Distribuindo confusão

A indústria hoteleira é tradicional. O negócio requer capital intensivo destinado ao mais importante, que seria receber bem os clientes, e falta dinheiro para investimento em tecnologia. O que impressiona é a falta de entendimento sobre o quanto as novas tecnologias impactam o core business. 

Como pesquisávamos sobre viagens há 20 anos? Como comprávamos uma passagem aérea há 15 anos? Como reservávamos serviços hoteleiros há dez anos? Como buscávamos referências sobre qualidade há cinco anos? Como alugávamos um quarto há quatro anos? Como chamávamos um táxi há três anos? Como comparávamos preços há dois anos? Como alugávamos um carro há um ano? 

Se você tiver mais de 30 anos, talvez se lembre daquele amigo da sua confiança que indicou um destino ou hotel.
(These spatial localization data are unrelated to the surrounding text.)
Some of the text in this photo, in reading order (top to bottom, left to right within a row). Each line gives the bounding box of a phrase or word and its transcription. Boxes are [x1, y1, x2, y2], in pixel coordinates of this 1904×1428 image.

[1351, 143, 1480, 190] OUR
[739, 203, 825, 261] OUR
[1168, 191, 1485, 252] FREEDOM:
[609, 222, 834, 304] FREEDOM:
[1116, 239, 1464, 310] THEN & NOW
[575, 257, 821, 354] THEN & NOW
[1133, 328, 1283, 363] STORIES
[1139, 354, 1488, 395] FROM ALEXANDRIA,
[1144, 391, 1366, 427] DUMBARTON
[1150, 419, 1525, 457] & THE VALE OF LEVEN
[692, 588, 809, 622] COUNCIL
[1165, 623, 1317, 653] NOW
Reviverá os tempos em que os bilhetes aéreos eram blocos, com várias vias, emitidos em escritórios especializados e que eram imprescindíveis para o embarque. Comemorará o fato de não ter mais que enviar um fax com o comprovante de depósito para confirmar a reserva do hotel ou passar pelo risco de alugar um apartamento diferente das fotos. Recordará dos tempos em que não saíamos de casa sem o Guia Quatro Rodas, além da desconfiança em relação aos taxistas ou da burocracia para alugar um carro.
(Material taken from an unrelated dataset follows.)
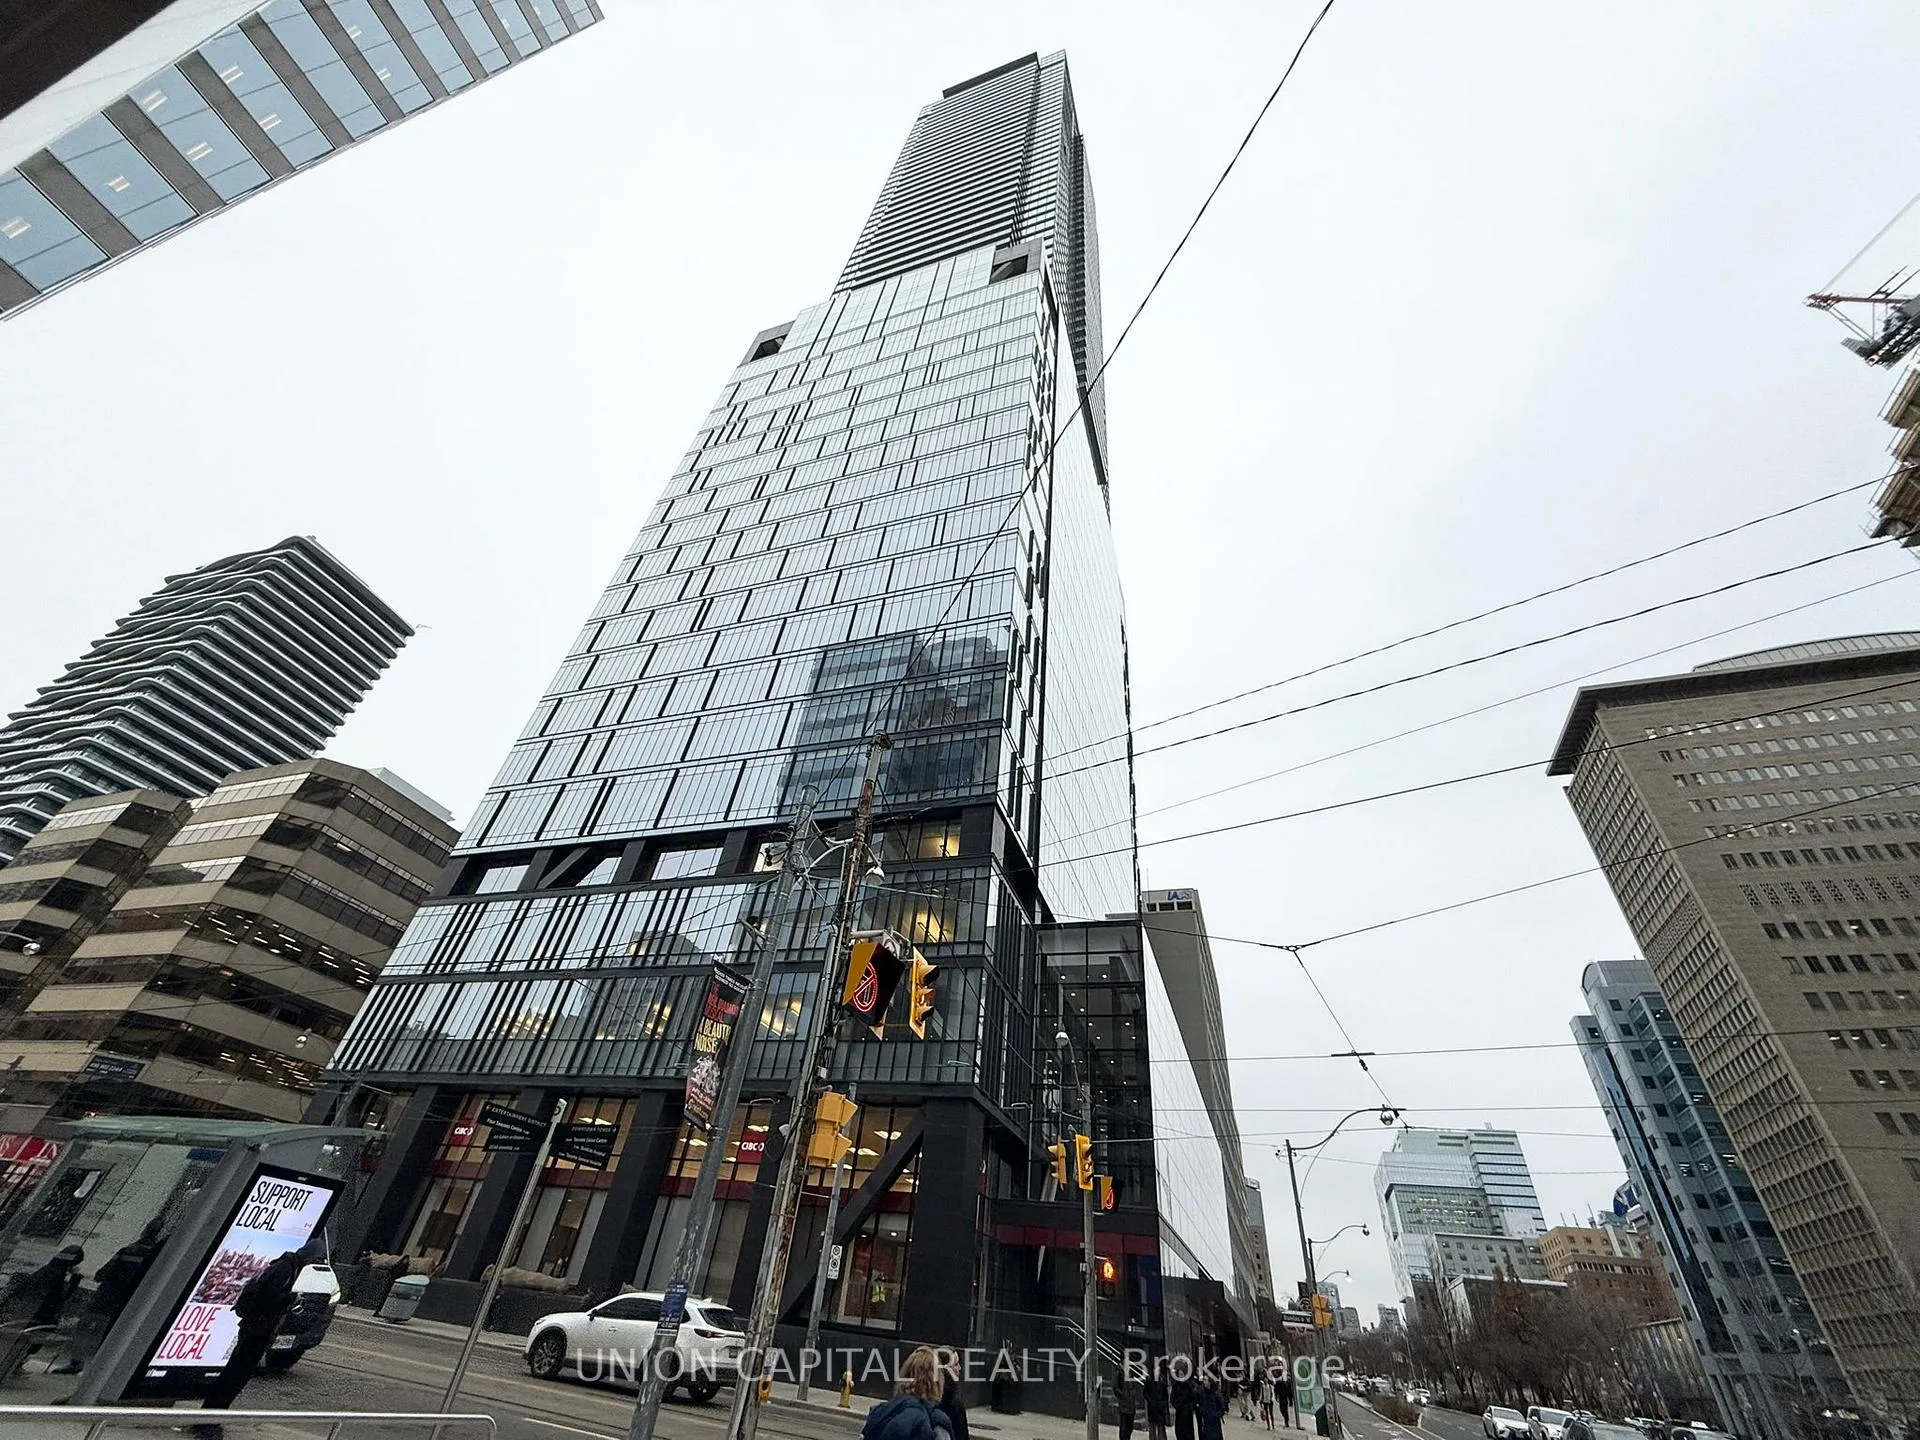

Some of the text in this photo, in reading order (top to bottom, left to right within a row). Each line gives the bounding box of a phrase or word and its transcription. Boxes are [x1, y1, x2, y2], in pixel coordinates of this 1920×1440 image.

[250, 1181, 314, 1212] SUPPORT
[235, 1204, 282, 1232] LOCAL
[174, 1305, 222, 1332] LOVE
[157, 1332, 212, 1360] LOCAL
Pois é, para você os tempos mudaram e para os mais novos os tempos são outros. Além da internet, Google, E-Ticket, OTA’s, Metasearches, AirBnB, Uber, TripAdvisor, BlaBlaCar – e muitos outros – são tecnologias indispensáveis para nós e, obviamente, para a atividade do turismo. Todos queremos agilidade, qualidade, confiança e bons preços. Comentários de pessoas completamente desconhecidas influenciam nossas decisões. Somos inspirados pelo que vemos no celular e não vivemos mais sem ele. Queremos vivenciar momentos e experiências incríveis. Vamos compartilhar! 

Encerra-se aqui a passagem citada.